Transformational Inclusivity, Diversity, and Equity ~ TIDE

Dear President Biden,

A couple of weeks ago I read something where someone was taking diversity, equity, and inclusion efforts to task. He was focused on the inclusion aspect and concluded that it’s beyond a bad idea to just invest in including more BIPOC and other varieties of under-represented people in the same old oppressive power structures and that instead, we need to be about the business of transformation. He wasn’t buying it that simply diversifying and being more inclusive would automatically get transformation (he didn’t address equity directly, but I’m guessing he would have talked about the performative nature of most of our progressive talk about equity since we can’t even get a handle on equality). He didn’t exactly make the point that just stuffing increased numbers of diverse people into the same size and shape pigeonholes we’ve always reified (i.e., requiring people to act and dress with a cookie-cutter sort constrained decorous “professionalism”) would do violence to their personhood, but his argument was along these lines.

I should have tracked the source so I could tell you who said this, but if I remember correctly, at the time it seemed like a very basic and not especially novel idea, and honestly, that’s still the case today. A lot of us have chaffed at your campaign slogan “build back better” and there’s long been the idea that we just need to tear it all down and start over in a truly transformational way since it doesn’t make sense to keep putting different colors of lipstick on the same pig. Nothing against pigs, but cosmetic changes, whether it’s different lipsticks or more variety of peoples around the same tired tables controlled by old, wealthy, white men pedaling the scarcity myth isn’t going to be life giving or get us where we need to be to create a sustainable, just future.

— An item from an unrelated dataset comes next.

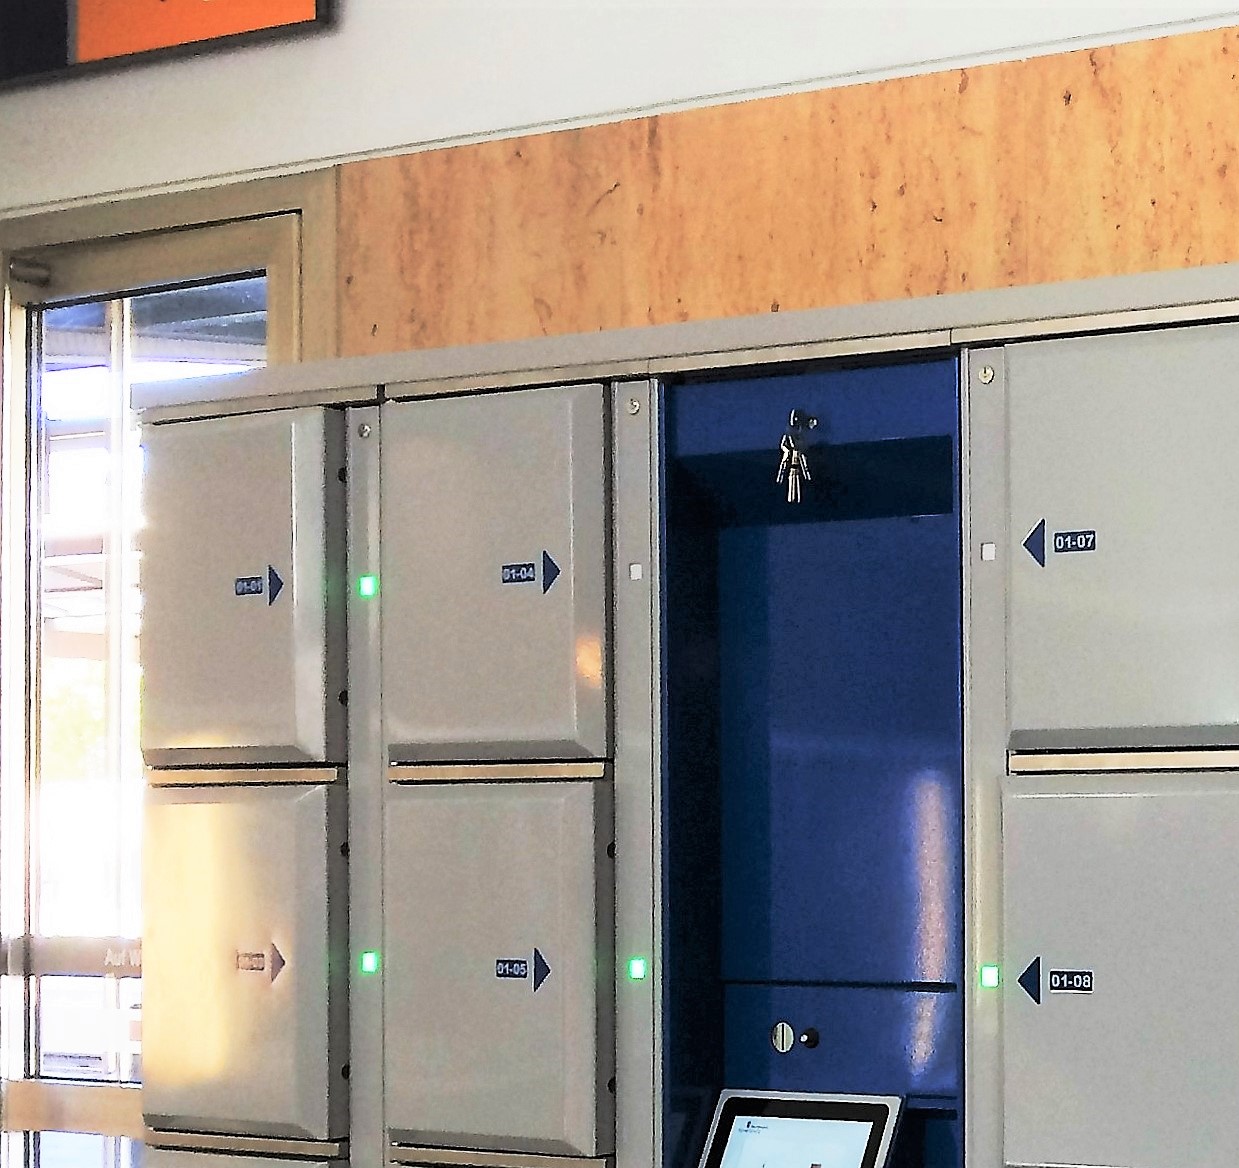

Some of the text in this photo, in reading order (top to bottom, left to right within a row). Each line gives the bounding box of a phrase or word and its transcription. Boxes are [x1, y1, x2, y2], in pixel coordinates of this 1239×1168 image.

Since reading that passage by this now unknown person I’ve been somewhat obsessed with the idea of incorporating “transformation” or “transformational” into the DEI framing, since it’s clear to me that there can be no useful transformation if it’s driven by the same old White, monied (largely male) power structures. As you have probably already figured out, the letters T, D, E, and I can be rearranged to form two different English words; DIET and TIDE. I landed on DIET first since it’s closest the original DEI acronym and would be “Diversity, Inclusion, Equity, and Transformation.” It’s not bad – it’s all in there and surely we’re talking about a change in our collective diet where we eschew things that are bad for us like toxic masculinity, subjugation of one another, dominion over the Earth, etc. in favor of a healthier diet of compassion, respect, dignity, and sustainability (obviously these two lists are flexible).

Still, though, I much prefer the option of TIDE: “Transformational Inclusivity, Diversity, and Equity.” Isn’t that nice? I think it does a pretty awesome job of summing up what I think we need to be about and it has the bonus of hearkening back to the idea that a rising tide lifts all boats – no one gets left behind in this framing and it doesn’t conjure that damn scarcity thinking.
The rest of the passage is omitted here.